• ACTION ITEM:
Pictures should be omitted from your copy. Everything else in the entries below must be restated word for word.

• STORED DATA:
<<<<

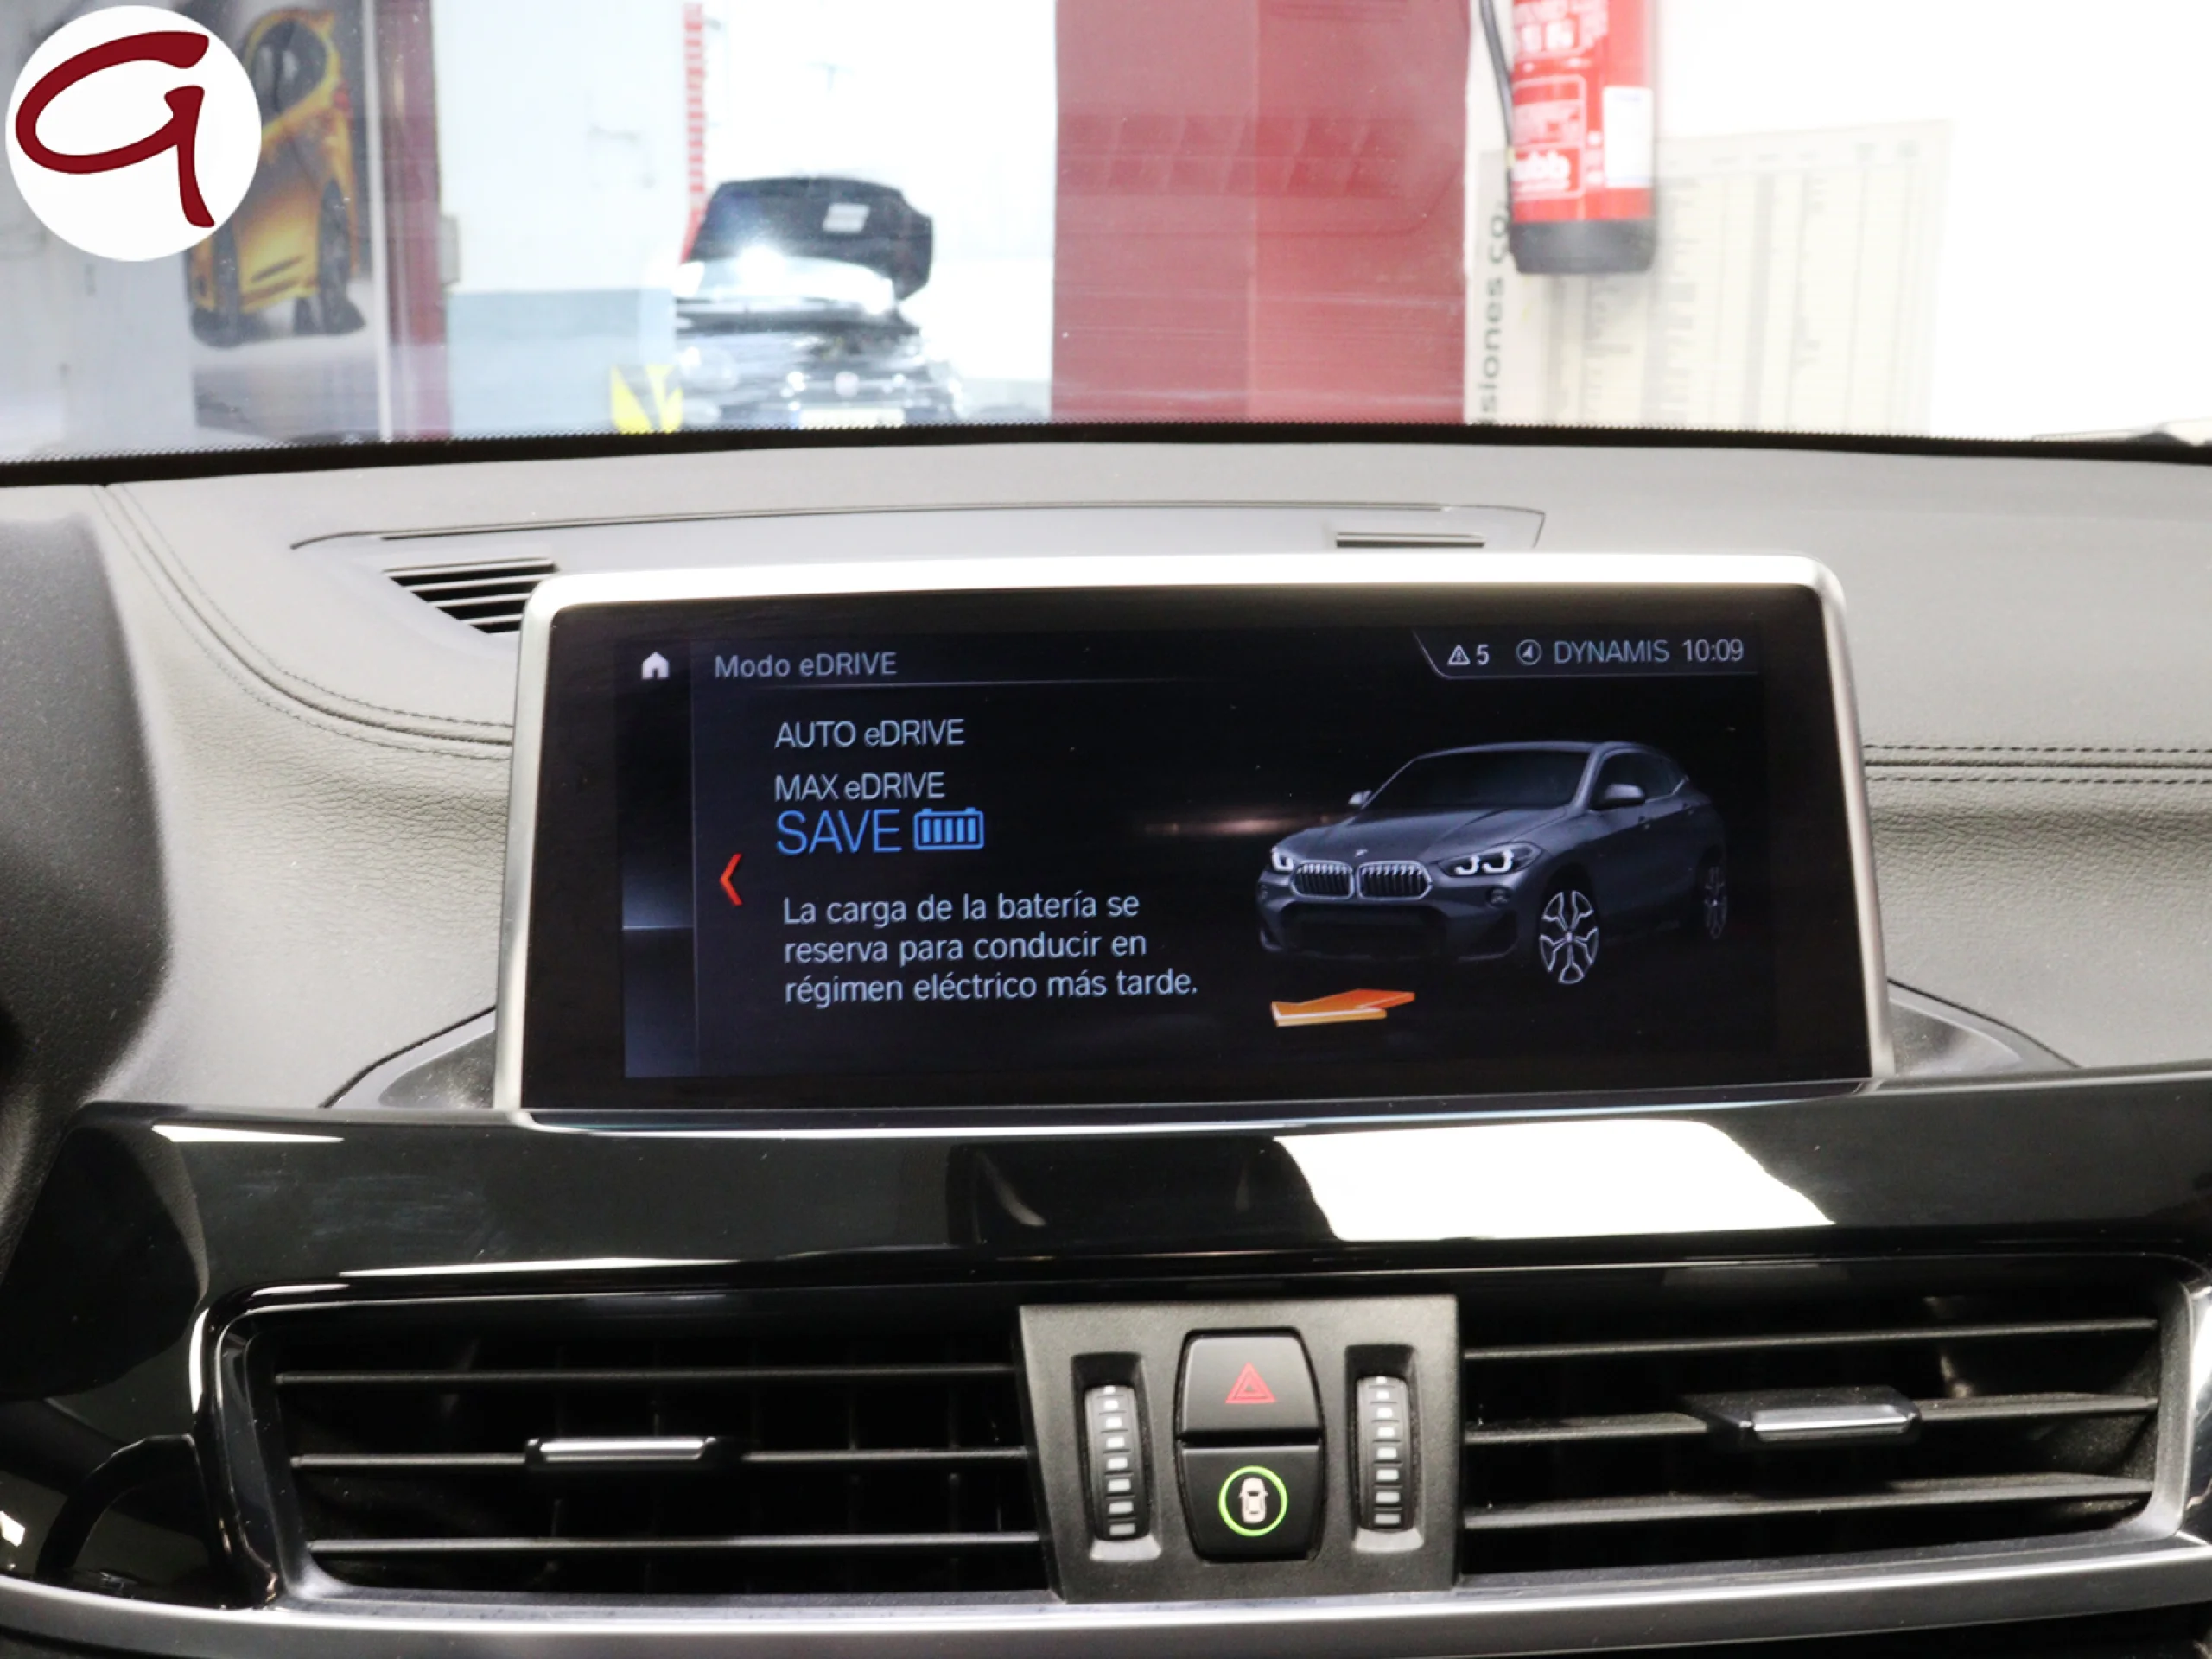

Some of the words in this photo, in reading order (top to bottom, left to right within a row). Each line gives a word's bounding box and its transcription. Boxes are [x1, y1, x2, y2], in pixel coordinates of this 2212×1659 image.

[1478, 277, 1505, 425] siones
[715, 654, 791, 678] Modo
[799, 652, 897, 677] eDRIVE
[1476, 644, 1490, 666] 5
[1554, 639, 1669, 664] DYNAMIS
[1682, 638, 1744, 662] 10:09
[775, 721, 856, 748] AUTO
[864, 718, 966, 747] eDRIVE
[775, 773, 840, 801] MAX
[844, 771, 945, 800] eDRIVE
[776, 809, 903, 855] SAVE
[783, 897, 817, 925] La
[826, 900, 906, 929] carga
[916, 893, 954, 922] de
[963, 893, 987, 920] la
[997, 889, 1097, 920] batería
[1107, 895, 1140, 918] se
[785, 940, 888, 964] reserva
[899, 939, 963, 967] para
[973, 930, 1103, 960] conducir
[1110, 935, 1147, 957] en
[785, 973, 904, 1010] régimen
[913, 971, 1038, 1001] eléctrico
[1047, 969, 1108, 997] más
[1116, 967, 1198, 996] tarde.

>>>>

• ANSWER TO THE EXERCISE:
Some of the words in this photo, in reading order (top to bottom, left to right within a row). Each line gives a word's bounding box and its transcription. Boxes are [x1, y1, x2, y2], in pixel coordinates of this 2212×1659 image.

[1478, 277, 1505, 425] siones
[715, 654, 791, 678] Modo
[799, 652, 897, 677] eDRIVE
[1476, 644, 1490, 666] 5
[1554, 639, 1669, 664] DYNAMIS
[1682, 638, 1744, 662] 10:09
[775, 721, 856, 748] AUTO
[864, 718, 966, 747] eDRIVE
[775, 773, 840, 801] MAX
[844, 771, 945, 800] eDRIVE
[776, 809, 903, 855] SAVE
[783, 897, 817, 925] La
[826, 900, 906, 929] carga
[916, 893, 954, 922] de
[963, 893, 987, 920] la
[997, 889, 1097, 920] batería
[1107, 895, 1140, 918] se
[785, 940, 888, 964] reserva
[899, 939, 963, 967] para
[973, 930, 1103, 960] conducir
[1110, 935, 1147, 957] en
[785, 973, 904, 1010] régimen
[913, 971, 1038, 1001] eléctrico
[1047, 969, 1108, 997] más
[1116, 967, 1198, 996] tarde.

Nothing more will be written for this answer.